» The task
Exclude the pictures, then copy all remaining records exactly.
*** Block opens ***
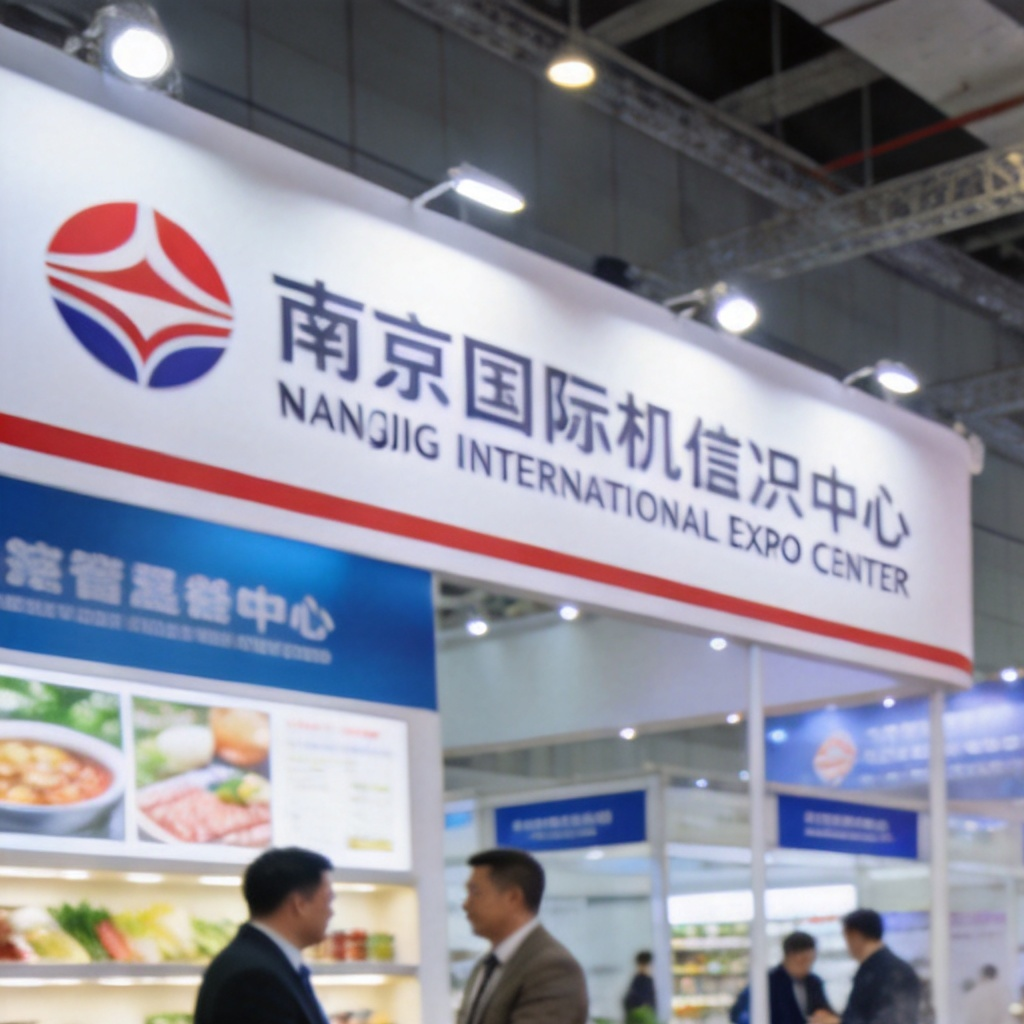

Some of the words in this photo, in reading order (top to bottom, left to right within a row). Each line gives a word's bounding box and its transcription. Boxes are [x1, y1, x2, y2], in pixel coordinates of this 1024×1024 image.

[457, 432, 720, 544] INTERNATIONAL
[728, 513, 802, 566] EXPO
[811, 541, 910, 599] CENTER
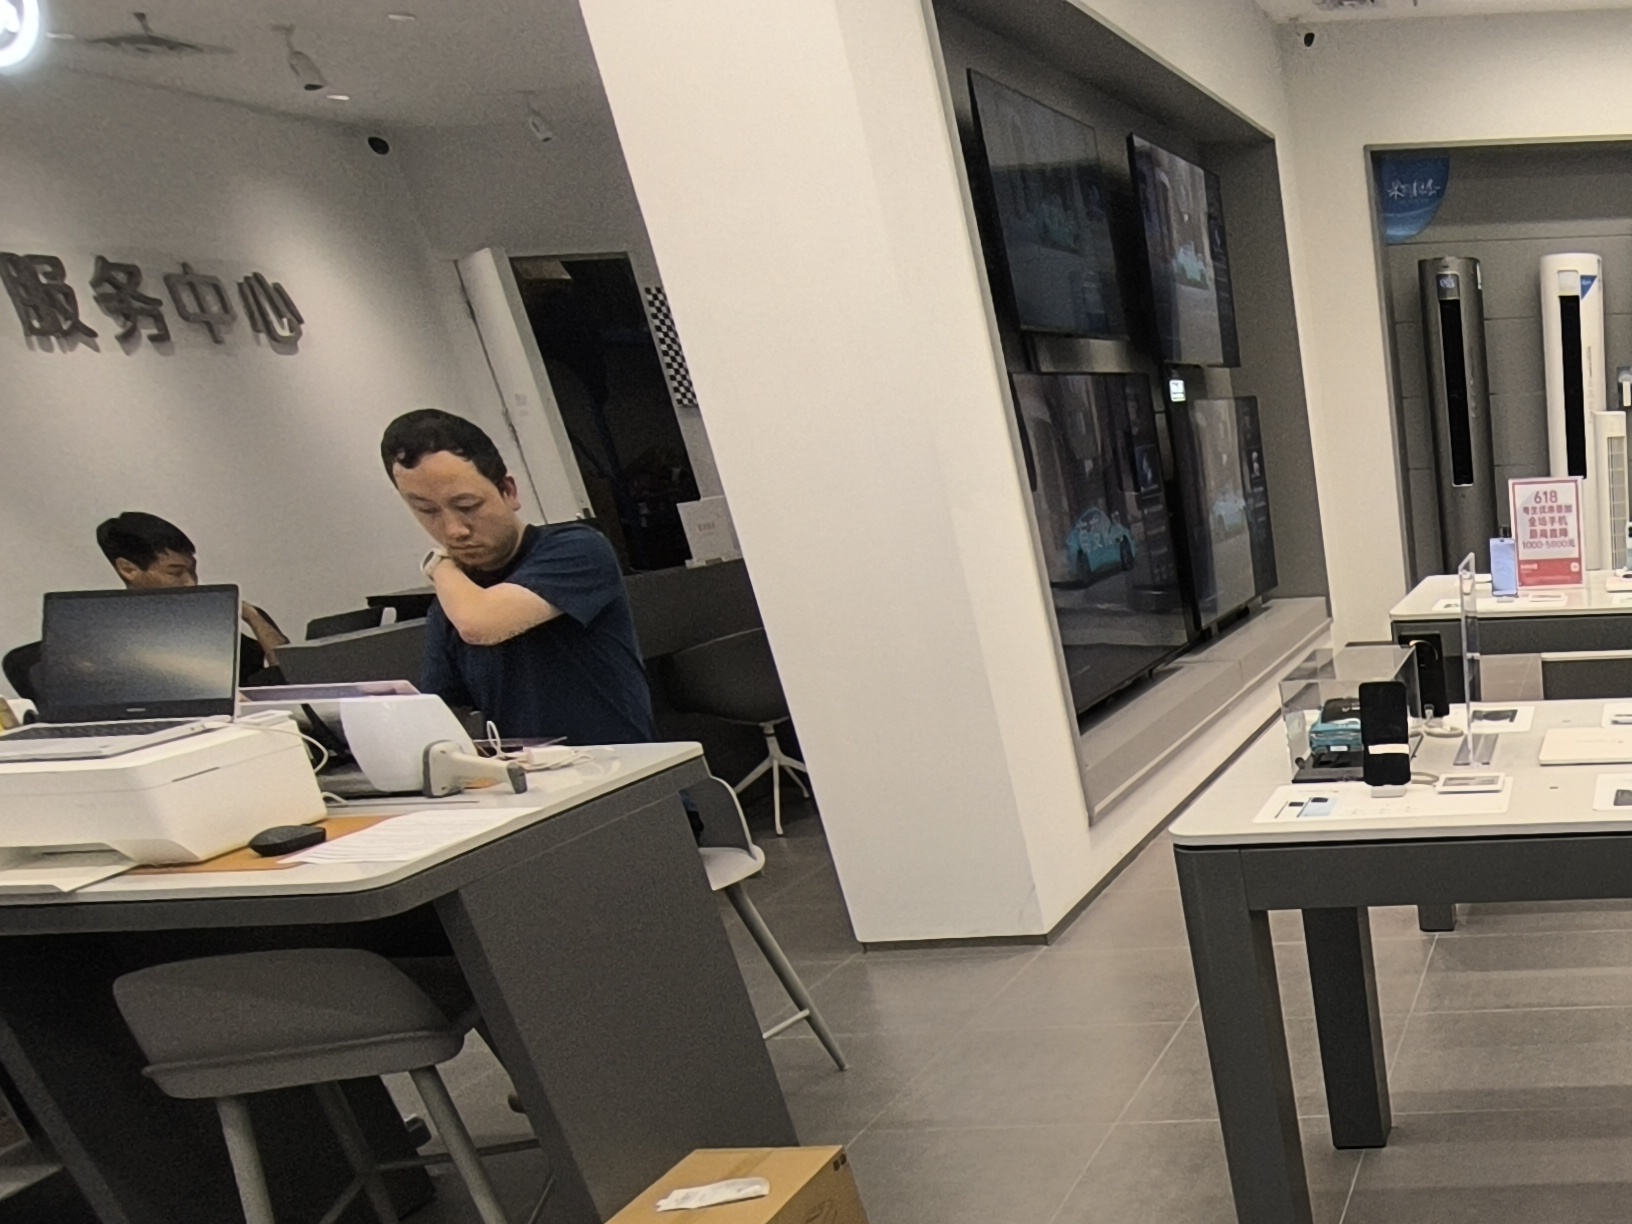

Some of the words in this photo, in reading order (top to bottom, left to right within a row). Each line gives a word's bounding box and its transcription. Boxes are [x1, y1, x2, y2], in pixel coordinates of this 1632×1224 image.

[0, 252, 304, 346] 服务中心
[1534, 490, 1558, 504] 618
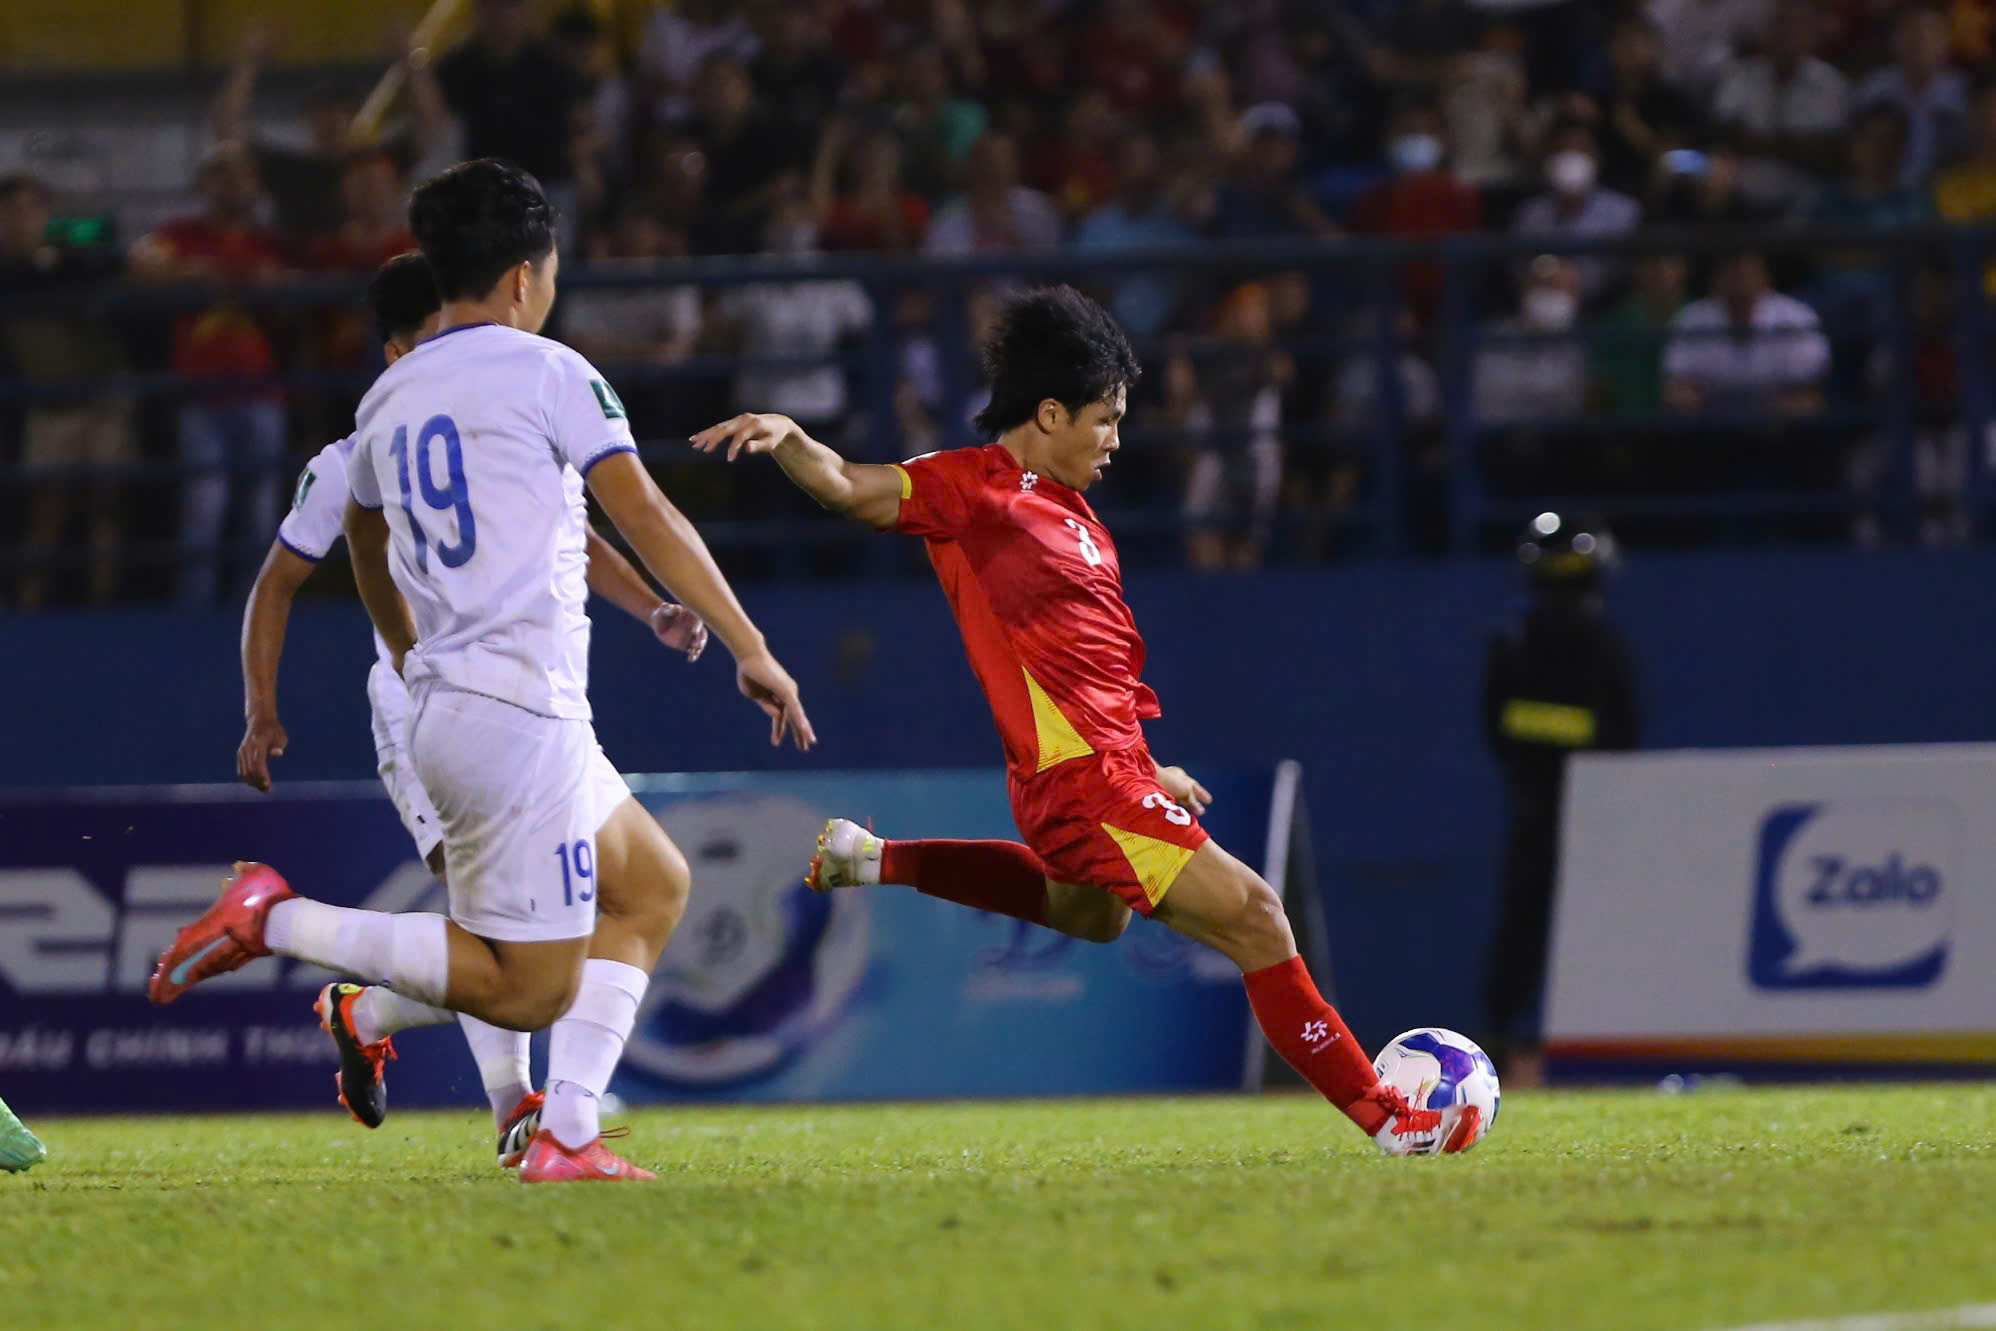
*** Block closes ***
» Response for this exercise
Some of the words in this photo, in reading order (top to bottom, left to right within a row). Each line gives a word's bounding box and its transcription. Boxes are [x1, y1, x2, y2], in pixel coordinates of this 1024×1024 image.

[457, 432, 720, 544] INTERNATIONAL
[728, 513, 802, 566] EXPO
[811, 541, 910, 599] CENTER

Some of the words in this photo, in reading order (top to bottom, left to right within a row). Each line gives a word's bounding box and its transcription. Boxes are [x1, y1, x2, y2], in pixel coordinates of this 1632×1224 image.

[0, 252, 304, 346] 服务中心
[1534, 490, 1558, 504] 618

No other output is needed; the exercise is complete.